"Collaboration between countries and the international community is essential to ensure that the avian influenza virus really is under control and that effective preventive and control measures have been put in place in each affected country and its neighbours," said the UN's Food and Agriculture Organisation FAO and OIE. Both organisations said that they were prepared to provide international experts to assess the epidemiological situation.
It is now more than 3 months since the outbreak of avian influenza in several Asian countries, which resulted in 23 human deaths in Thailand and Vietnam. At least 100 million birds have died or have been culled to control the disease.
"The crisis is still not over," FAO and OIE warned. "In countries such as Indonesia, Laos, Cambodia and Thailand, further outbreaks could still flare up. The virus could spread again within and between countries. As long as the H5N1 virus is not fully under control, the potential threat to human health remains."
The statement follows concern that Vietnam is seeking to import between 500,000 to 600,000 tonnes of corn for feed. According to the Vietnamese ministry of trade, there is a possibility that import tariffs on corn purchase may be waved, opening the door to grain exporters from Australia, Europe and the US.
The move is supported by the Vietnam Husbandry Feed Association, which represents 138 feed processors in the country. It has warned of a possible rise in feed prices of up to 1.5 per cent, with processors looking to offset losses caused by bird flu.
Vietnam, where an estimated 38 million poultry died, is expected to declare the virus eradicated later this month.
Thailand, whose poultry export business annually tops $1 billion, has been forced to cull over 25 million chickens. Like Vietnam, the country is obviously desperate to restore its poultry industry. But not everyone is confident that Thai assurances that the country remains free from the virus can be trusted - the government denied the existence of the virus for weeks.
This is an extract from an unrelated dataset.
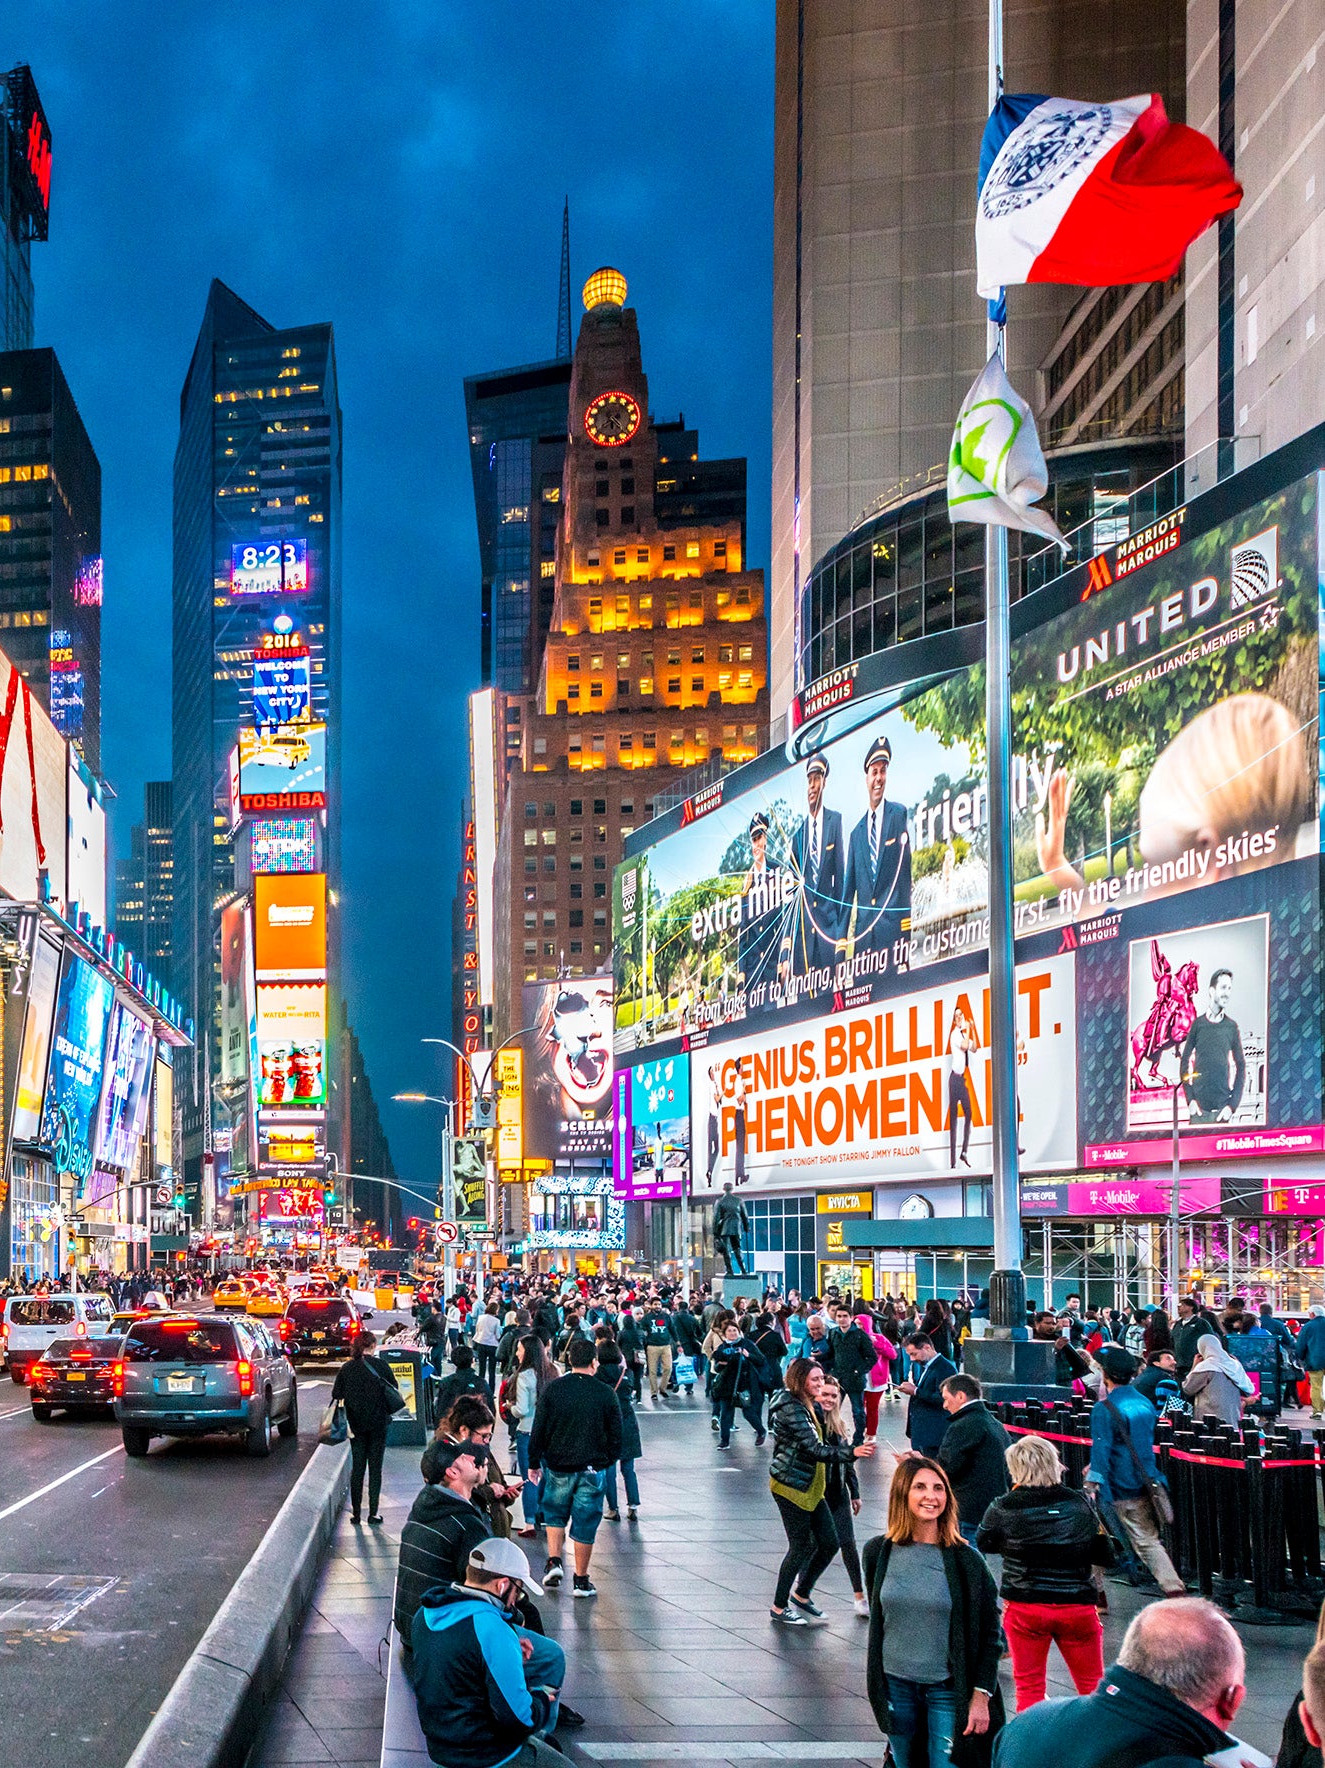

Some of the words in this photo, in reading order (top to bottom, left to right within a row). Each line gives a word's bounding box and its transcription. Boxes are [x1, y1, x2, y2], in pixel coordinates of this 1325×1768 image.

Events in Asia are causing concern in Europe, where consumers have been jittery since the issue of bird flu began to dominate the news agenda a few months ago. Aside from the health aspect, poultry producers in the EU are concerned quick restocking could further undermine public confidence in poultry products.
EU officials have been keen to reiterate that a Europe-wide six-month ban on the import of all southeast Asian poultry is currently in place, and that the ban will remain in force until there is categorical proof that the disease has been eradicated.
"In the battle against the disease, there are definitely some improvements. But we fear that the virus may continue to circulate in the environment even without an outbreak or any clinical signs in animals," said Joseph Domenech, chief of the animal health service. "Appropriate precautionary measures have to be put in place to be absolutely sure that infected zones are free from infection and will remain free," he added.